Dispute games are multi-party protocols that, under certain economic conditions, can allow a blockchain to be convinced of a statement while only having to execute a small part of a computation when disputes arise.

One-step Fraud Proving​

For statements that could be proven on-chain there is an elegant solution that can avoid expensive verification costs. In a one-step fraud proof Ashley submits a statement on-chain (e.g. the result of this computation is X) along with a bond. The bond should be greater than the expected gas cost of having the chain verify the proof.

The statement is considered pending by the chain for a length of time known as the challenge period. During this time anyone (Bellamy) can pay the gas and force the chain to perform the check in full. This will then determine if Ashley was indeed correct and update the state accordingly. If Ashley is proven to be wrong their bond is slashed and given to Bellamy.

Importantly, if no one challenges Ashley during the challenge period it is safe to assume the statement is true under the assumption that there is at least one observer who would have proven Ashely false if they could.

This approach is great for on-going protocols like rollups where it is important to keep the running cost low. It is relatively simple in its implementation and can be permissionless.

This design was used by the early versions of Optimism such that the rollup state transition was only computed on L1 in the case of a dispute. Another clever application is in the Eth-NEAR Rainbow Bridge where one-step fraud proofs are used to avoid performing expensive Ed25519 signature checks on Ethereum under regular operation. In recent months some projects such as Fuel have proposed using on-step fraud proofs to avoid performing expensive SNARK verification unless there is a dispute.

The downside to one-step proofs is they are not applicable in every case. It must be possible to fall back to executing the verification on-chain. Some types of computation are simply too large or require too much data for this to be feasible. What can be done in this case?

2-party bisection dispute games​

The Arbitrum paper first popularized bisection dispute games in the blockchain space. To understand a bisection game you first need to understand emulators and the computation trace.

A program can be expressed as a sequence of instructions to be executed on a processor.

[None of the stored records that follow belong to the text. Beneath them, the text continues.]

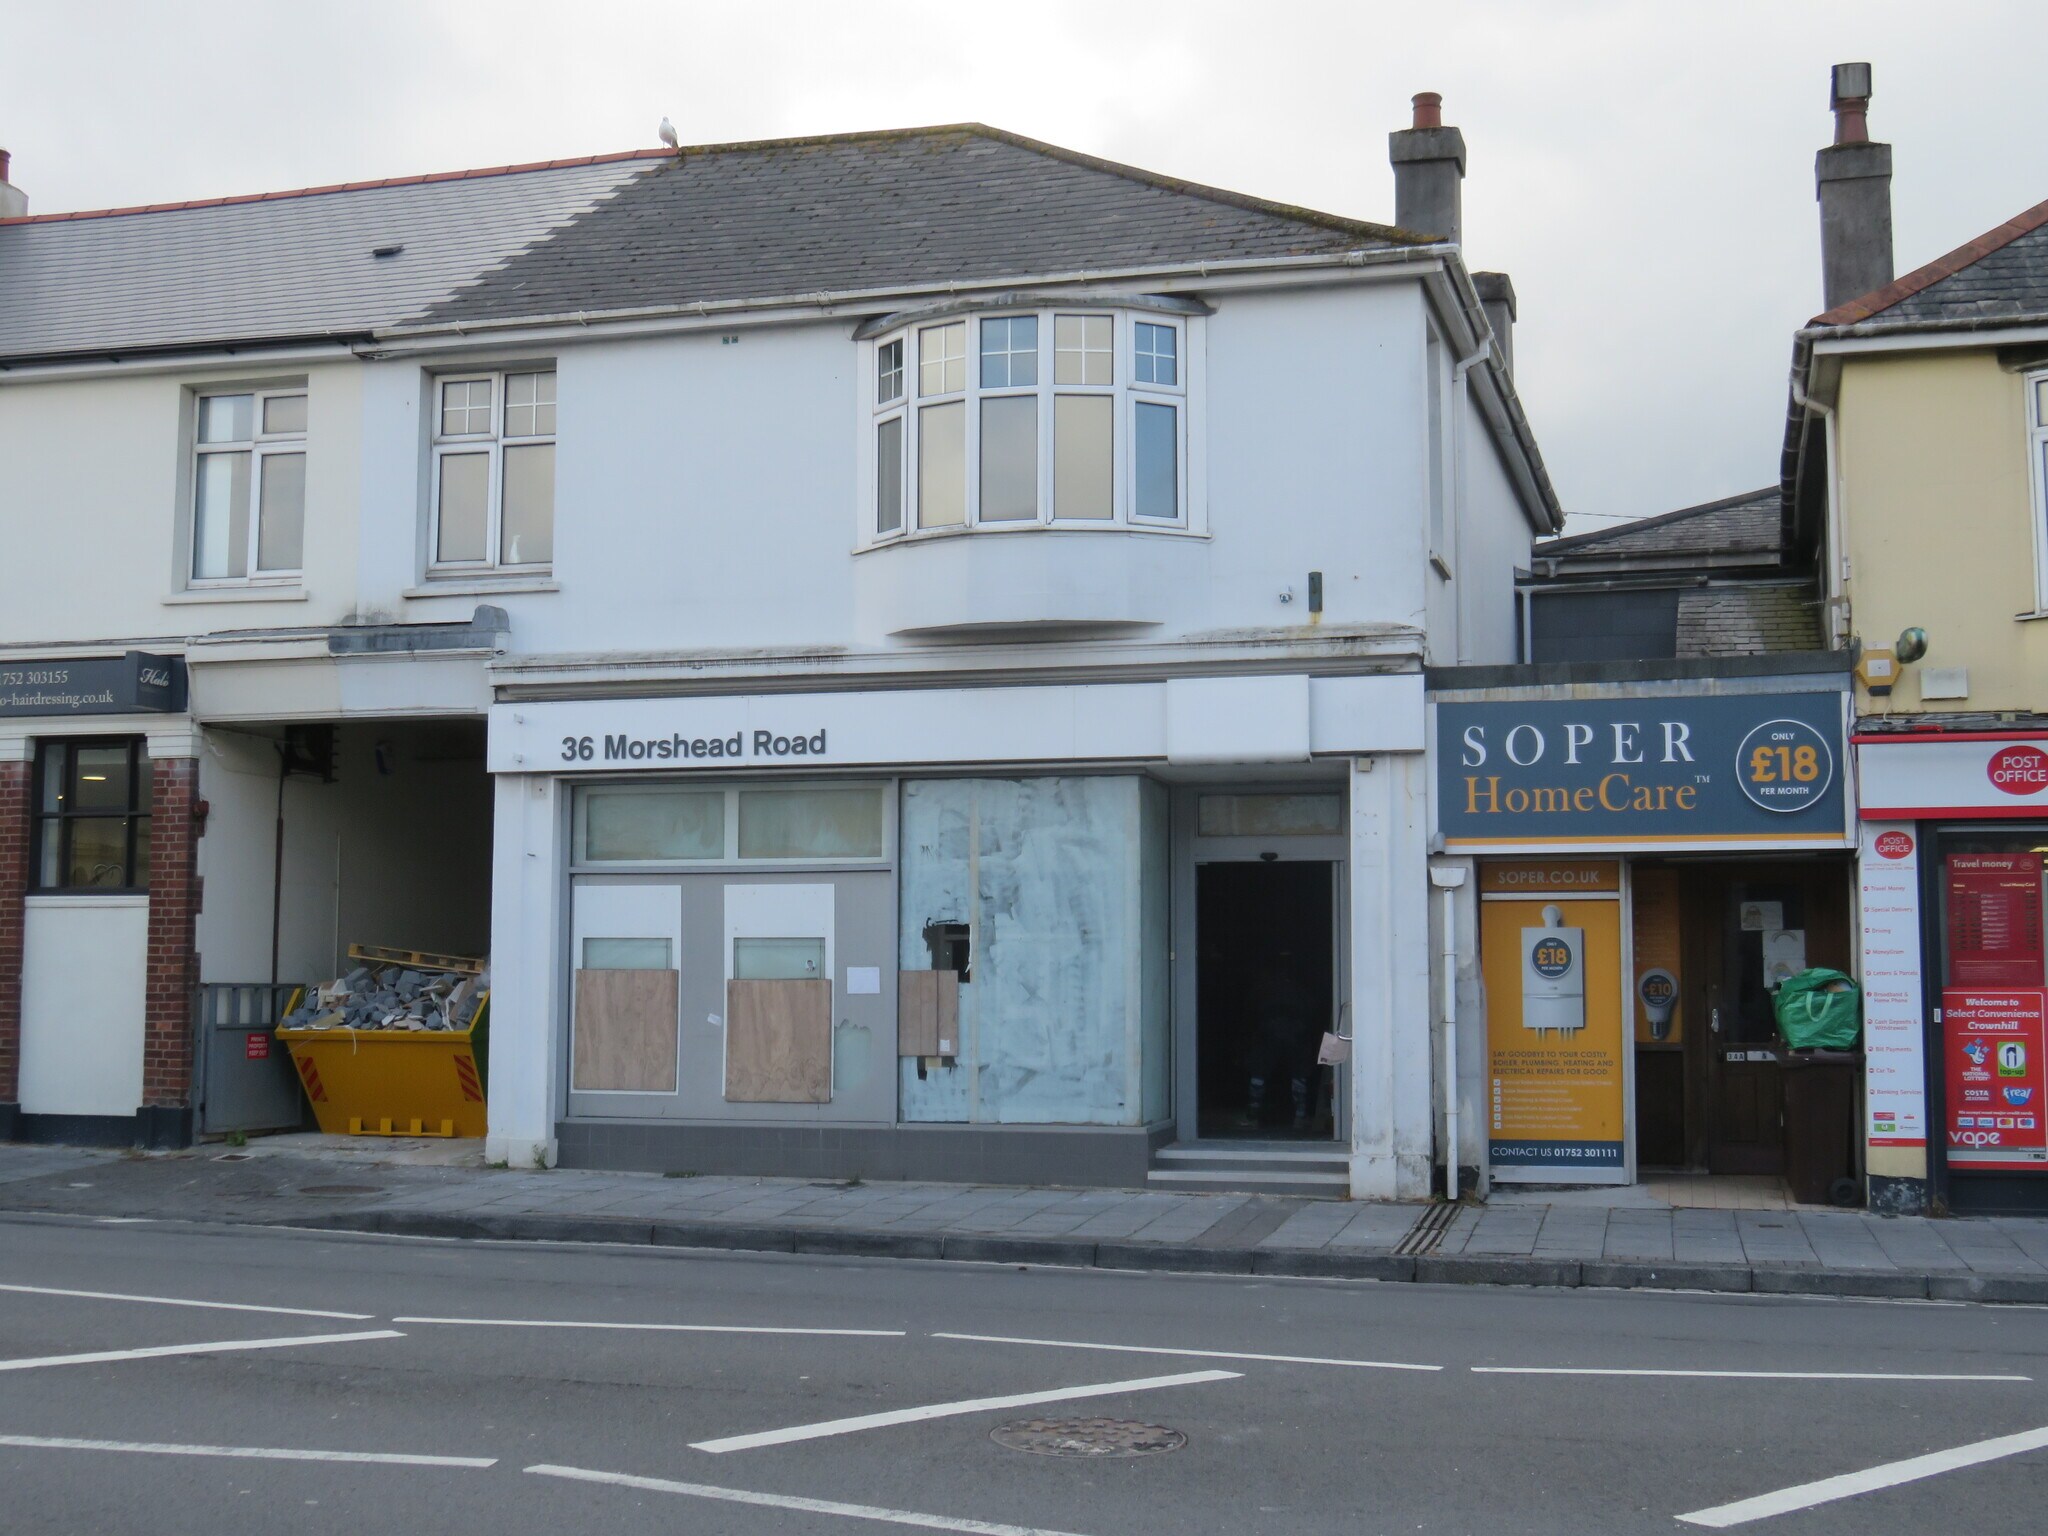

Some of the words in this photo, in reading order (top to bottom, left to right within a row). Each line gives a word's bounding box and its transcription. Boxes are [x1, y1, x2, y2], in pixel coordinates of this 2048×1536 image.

[26, 670, 69, 684] 303155
[139, 668, 169, 687] Halo
[561, 736, 594, 761] 36
[604, 731, 742, 760] Morshead
[753, 729, 826, 756] Road
[1462, 722, 1695, 766] SOPER
[1750, 745, 1818, 782] £18
[2002, 756, 2041, 769] POST
[1993, 769, 2047, 783] OFFICE
[1464, 774, 1697, 813] HomeCare
[1760, 787, 1775, 795] PER
[1777, 787, 1809, 795] MONTH
[1883, 837, 1905, 845] POST
[1878, 845, 1909, 853] OFFICE
[1952, 859, 1980, 868] Travel
[1982, 860, 2013, 870] money
[1498, 870, 1600, 884] SOPER.CO.UK
[1537, 947, 1567, 965] £18
[1965, 998, 2008, 1006] Welcome
[1946, 1009, 1975, 1018] Select
[1977, 1009, 2039, 1018] Convenience
[1967, 1021, 2018, 1030] Crownhill
[1949, 1131, 2000, 1149] vape
[1492, 1147, 1538, 1157] CONTACT
[1540, 1148, 1552, 1157] US
[1554, 1148, 1582, 1157] 01752
[1584, 1149, 1617, 1158] 301111
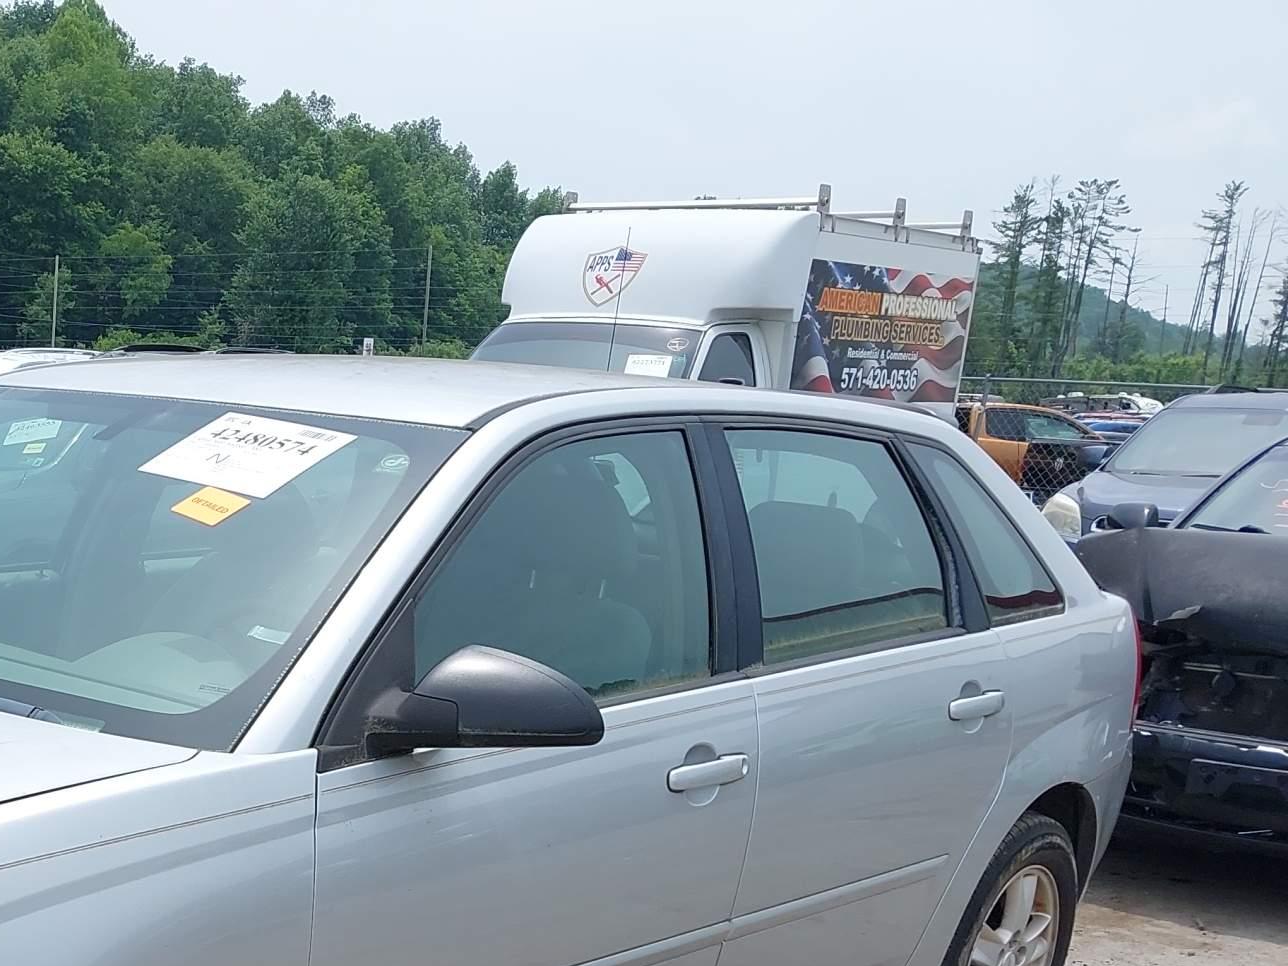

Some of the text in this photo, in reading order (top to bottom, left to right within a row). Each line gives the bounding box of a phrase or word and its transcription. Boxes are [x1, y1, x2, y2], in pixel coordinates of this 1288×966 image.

[586, 255, 614, 272] APPS
[817, 288, 958, 320] AMERICAN PROFESSIONAL
[831, 317, 890, 342] PLUMBING
[847, 347, 879, 359] Residential
[886, 350, 919, 360] Commercial
[841, 367, 918, 390] 571-420-0536
[211, 427, 318, 456] 42480574
[192, 497, 229, 513] DETAILED
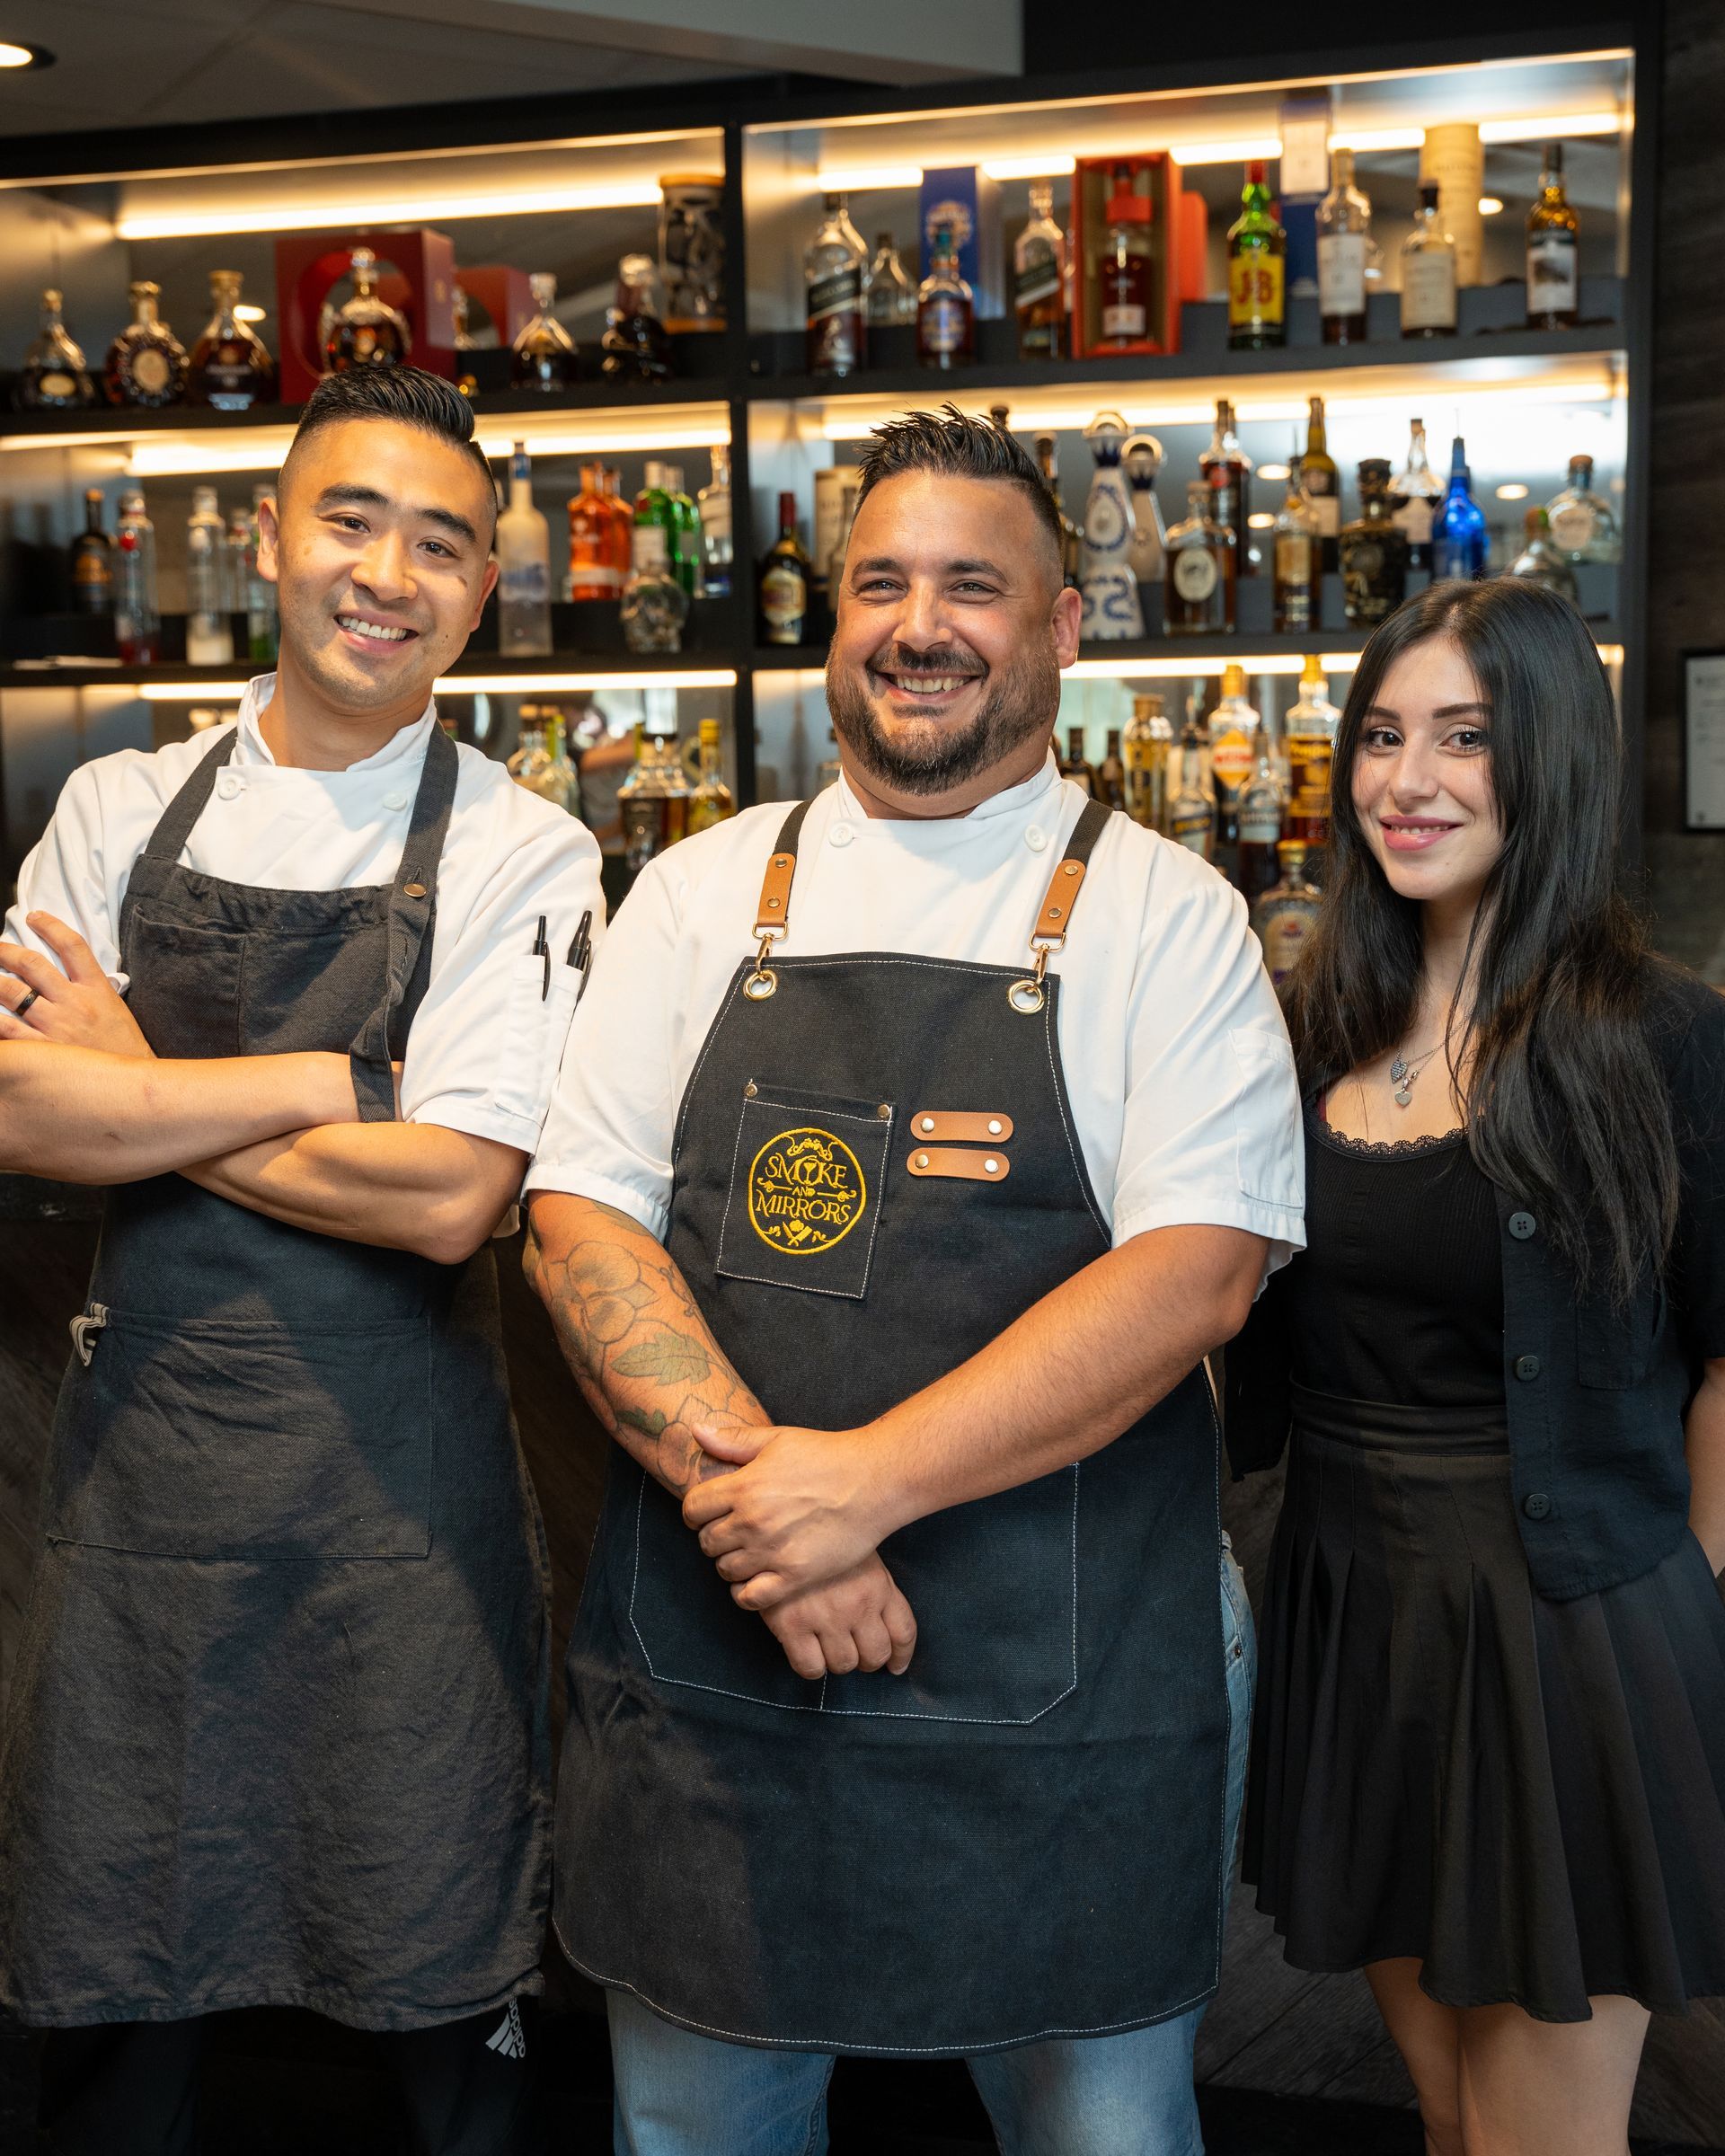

This processor also has registers and/or memory to store state.

Executing the program and recording the registers+memory at after each instruction is called an execution trace. This trace may be much longer than the original program as instructions may branch or loop. For a program that terminates this execution trace can be considered a very verbose proof of the final state. A program that knows how to execute all the possible instructions and update the state accordingly (an emulator) can verify this proof.

A program trace for any non-trivial program is absurdly huge, but it can be compressed using two clever tricks.

The first is that the full CPU+memory state need not be included at each step. Instead a commitment of the state (e.g. Merkle root) can be recorded instead.

The second applies when there are two conflicting parties in dispute about the result of executing a program. A two-party protocol can be used to reduce the trace down to the first instruction that the parties disagree upon the result of. A third trusted arbitrator (usually a blockchain runtime) can then execute only a single instruction in the trace resolve a dispute over an entire program.

This last trick of framing the dispute as being between two parties allows proving faults in programs in a number of steps that is logarithmic in the length of the trace, followed by the execution of a single instruction. This is incredibly powerful and has been developed by Arbitrum and the Optimism Bedrock prototype for proving rollup state transitions, along with Cartesi for proving arbitrary computations on-chain.

Problems​

The problem with this approach as described is that once two players are engaged in a dispute they must both remain live in order to resolve it. There is also no way to ensure that both participants are honest so it must be possible for multiple disputes to be open on a single claim at once for the honest minority assumption to hold.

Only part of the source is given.